Данные открытия привели к тому, что были созданы клеточные линии, поддерживающие дифференцированные функции, характерные для клеток по типу их происхождения, таких как клетки надпочечников, гипофиза [24], нейронов [25], миоцитов [26] и гепатоцитов [27]. Также были разработаны диплоидные клеточные линии — HeLa [28], MRC-5 и WI-38 [29] из человеческой ткани и Vero, полученная из ткани обезьяны [30]. Это позволило изучать не только рост клеток, но и реакцию на гормоны и другие факторы окружающей среды, выработку и секрецию гормонов, а также другие дифференцированные функции in vitro.

Информация о том, что у каждого типа клеток есть оптимальное сочетание питательных веществ, поддерживающих их функции [31], привела к появлению питательных сред, используемых для культивирования определенных типов клеток в специализированных условиях. Вместе с тем замена сыворотки определенными компонентами, такими как поверхностные и транспортные белки, гормоны и факторы роста [32, 33], дала возможность для поддержания специализированных клеток и тканей в in vitro продолжительное время, что способствовало появлению новых биологических открытий, например рекомбинантной экспрессии белков и созданию линий гибридомных клеток, продуцирующих антитела.

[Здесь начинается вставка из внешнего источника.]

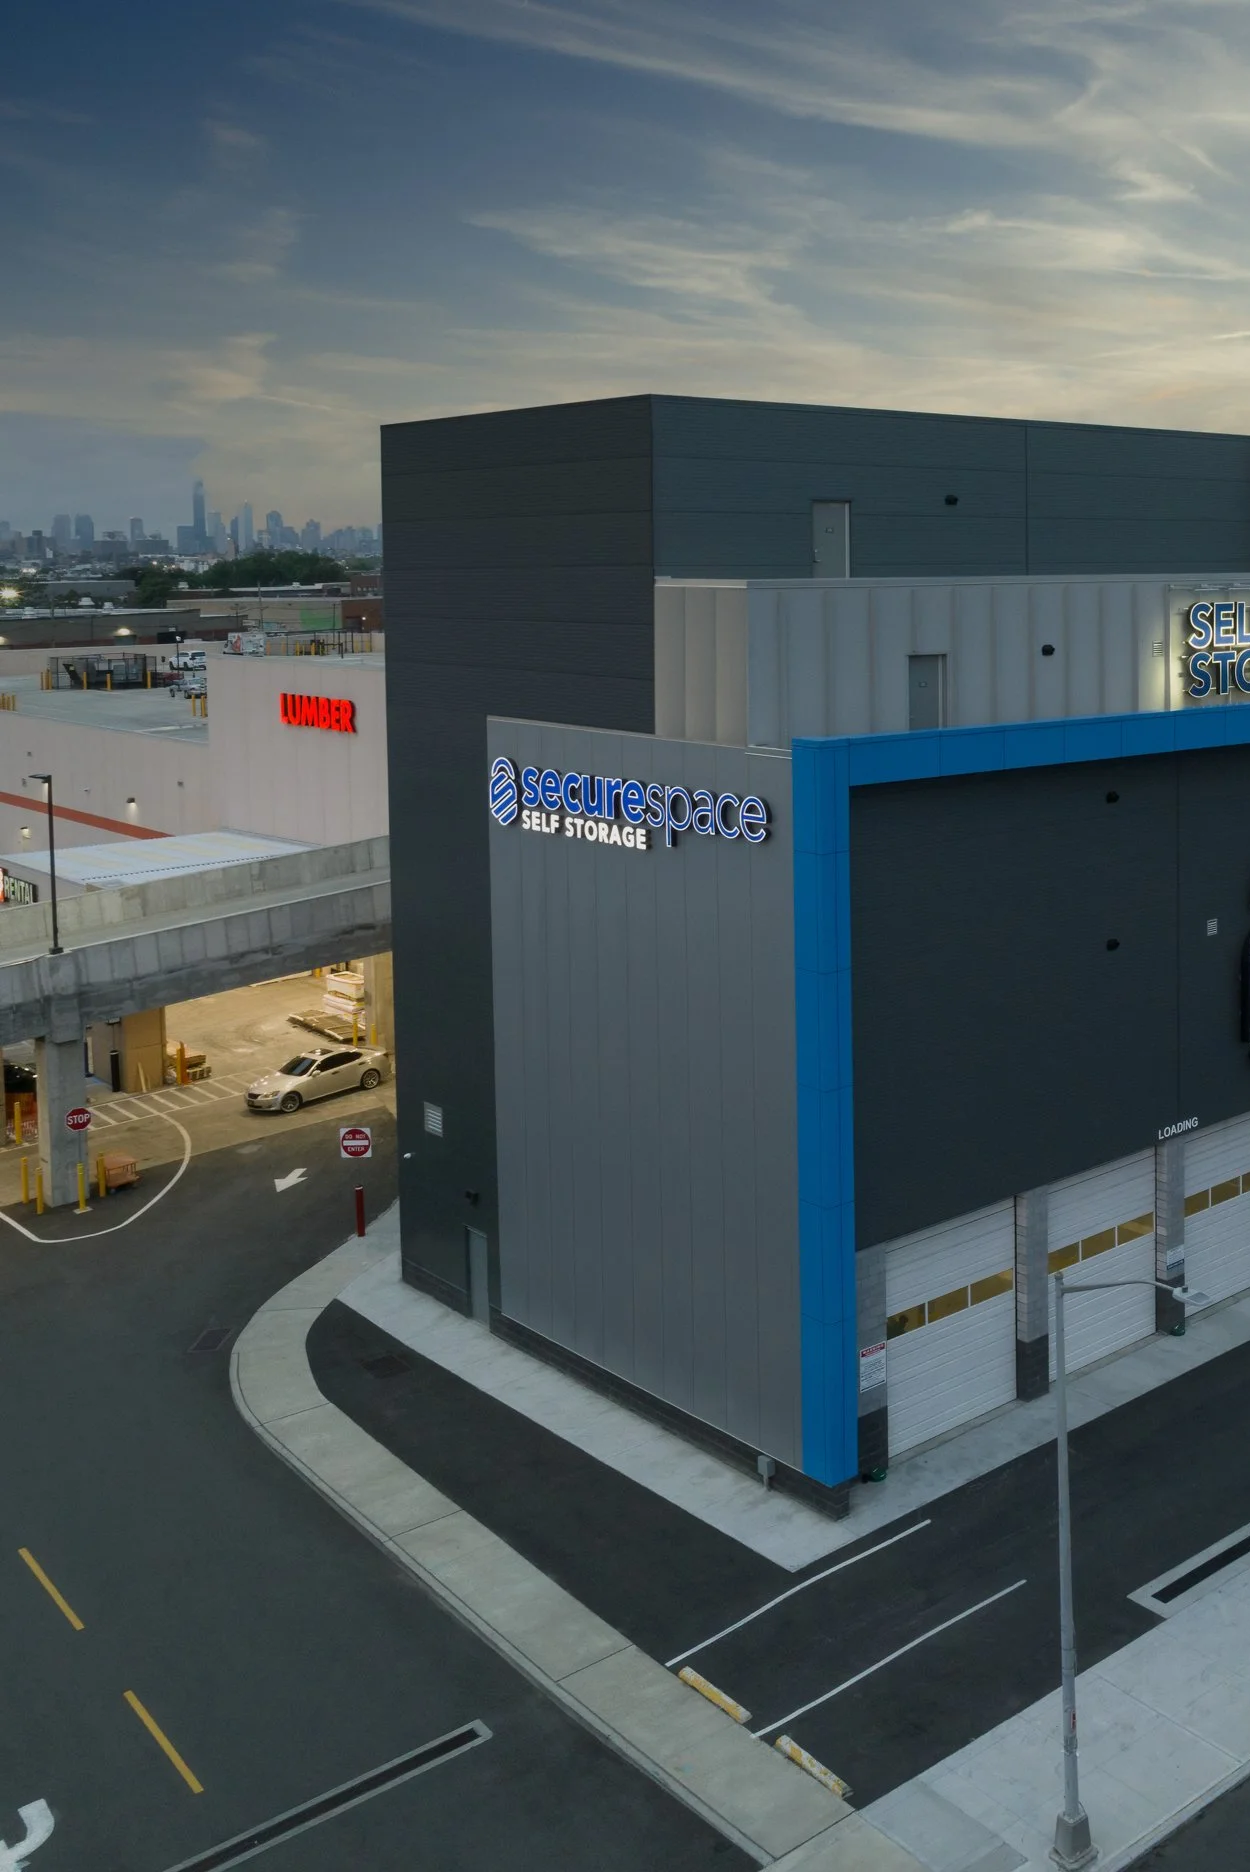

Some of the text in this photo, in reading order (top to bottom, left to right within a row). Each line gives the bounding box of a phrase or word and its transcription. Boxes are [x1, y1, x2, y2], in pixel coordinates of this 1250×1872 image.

[280, 692, 355, 733] LUMBER
[521, 766, 768, 847] securespace
[521, 809, 647, 850] SELF STORAGE
[4, 875, 34, 904] RENTAL
[67, 1113, 90, 1125] STOP
[1158, 1116, 1198, 1140] LOADING

Условия культивирования клеток

Лаборатории клеточных культур представляют собой особые области, отличающиеся от многих других рабочих мест. Специальные методы, используемые в этих лабораториях, требуют большого количества различного оборудования, растворителей, химикатов и реагентов. Существует много агрессивных, токсичных, легковоспламеняющихся и мутагенных химических веществ. Кроме того, часть оборудования имеет сложные конструкции и механизмы. Недостаточная информация о свойствах и использовании этого оборудования может привести к травмам. Также неправильное их использование может привести к поражению электрическим током или пожару. Некоторые химические вещества, используемые в лаборатории, могут быть опасны для человека или окружающей среды. Так, например, вдыхание, контакт с кожей или слизистыми оболочками, брызги на кожу, взрывы или пожары, а также неисправности при утилизации отходов — вот некоторые из общих проблем безопасности.

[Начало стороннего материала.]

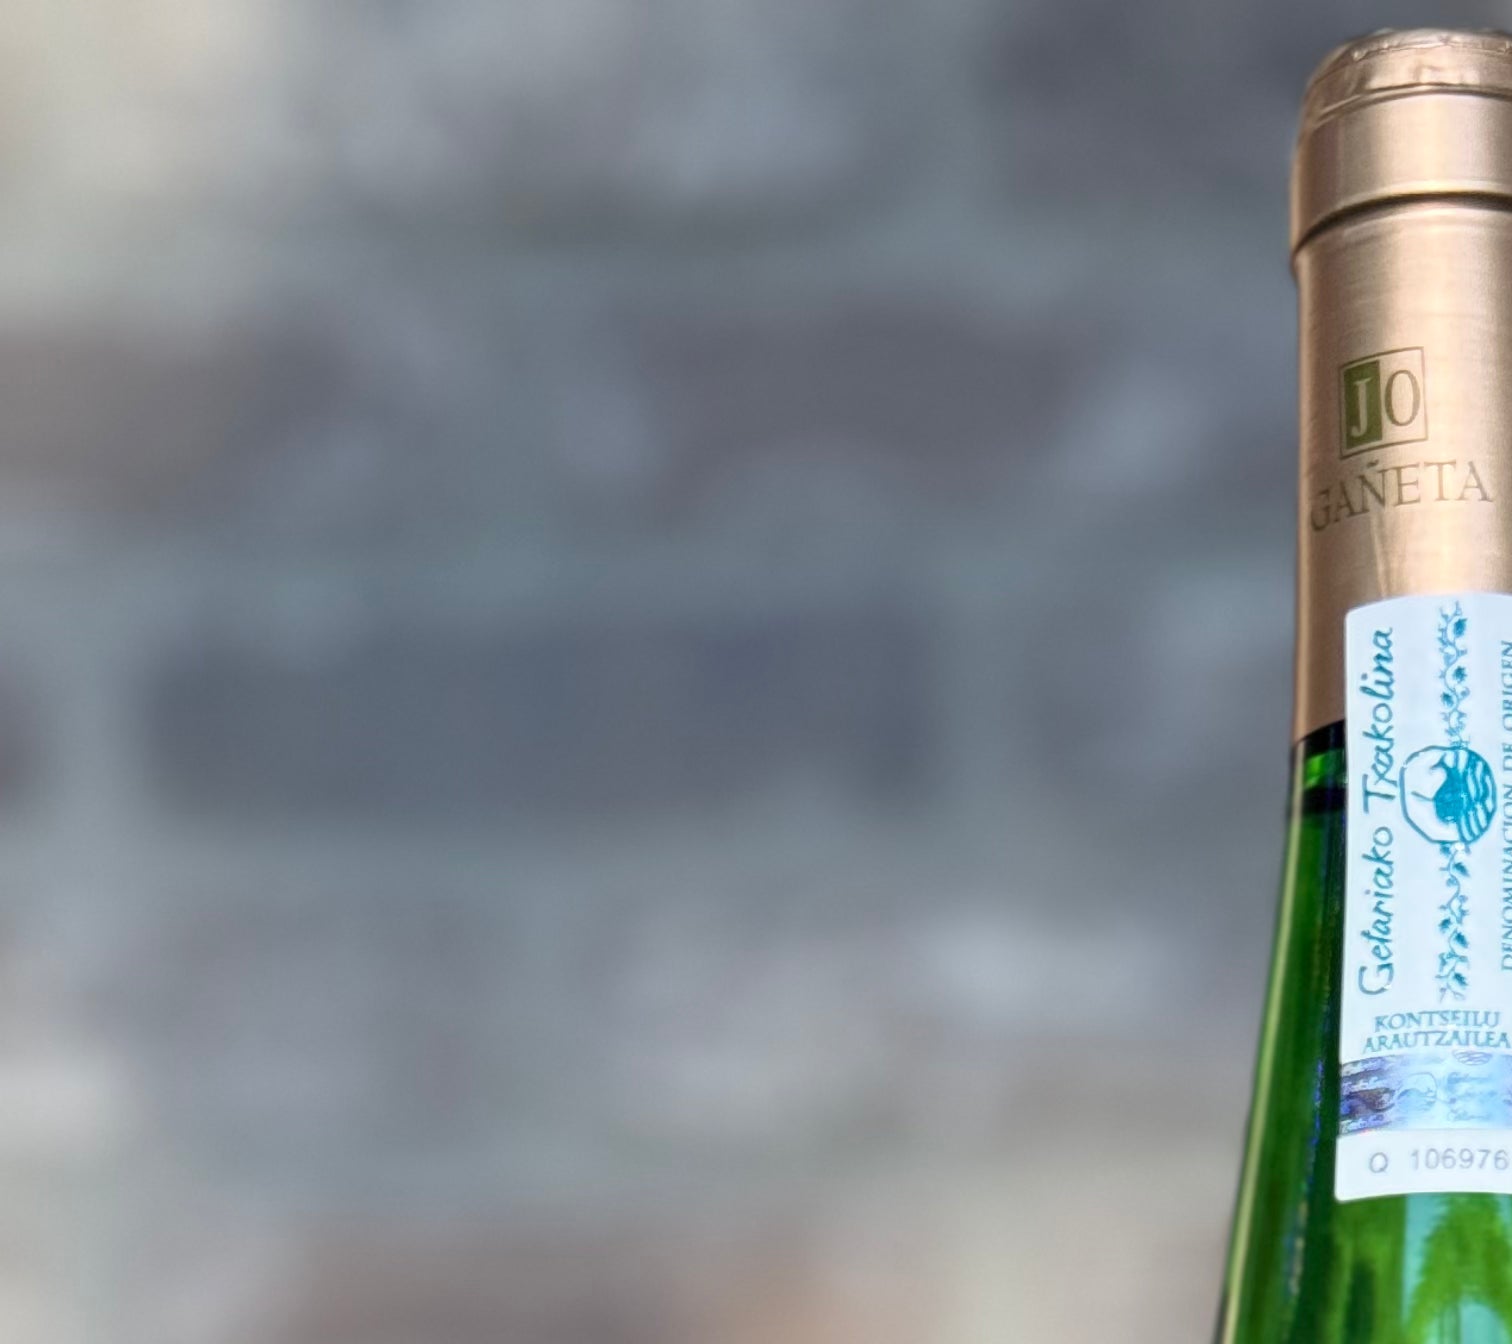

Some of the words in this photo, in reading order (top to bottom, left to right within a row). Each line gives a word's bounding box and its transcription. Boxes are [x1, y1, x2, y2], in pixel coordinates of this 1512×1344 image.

Другая степень опасности проистекает из характеристик биологических материалов, используемых в исследованиях клеточных культур. В основном это ткани, жидкости и клетки, полученные от человека и животных. Исследователи могут быть заражены различными бактериальными и вирусными агентами, грибами, микоплазмой, которые могут нести эти материалы в соответствии с типом полученного организма, если не принимаются достаточные меры безопасности. В частности, при использовании клеточного штамма, инфицированного или трансформированного латентными вирусами, необходимо более осторожное отношение к процедурам безопасности, требующим неукоснительного соблюдения. Тем не менее некоторые клеточные штаммы несут онкогенный потенциал спонтанно или в результате вмешательства, и существует риск развития рака при доступе к макроорганизму.

Специализированные боксы и различные способы контроля (автоматизированные системы культивирования и анализа (биостанции) с возможностью настраиваемых удаленно параметров, техническое обслуживание боксов, соблюдение передовых лабораторных методов и использование специальных средств индивидуальной защиты для конкретного процесса/исследования) играют важную роль в предотвращении или минимизации таких опасностей (см. таблицу) [34].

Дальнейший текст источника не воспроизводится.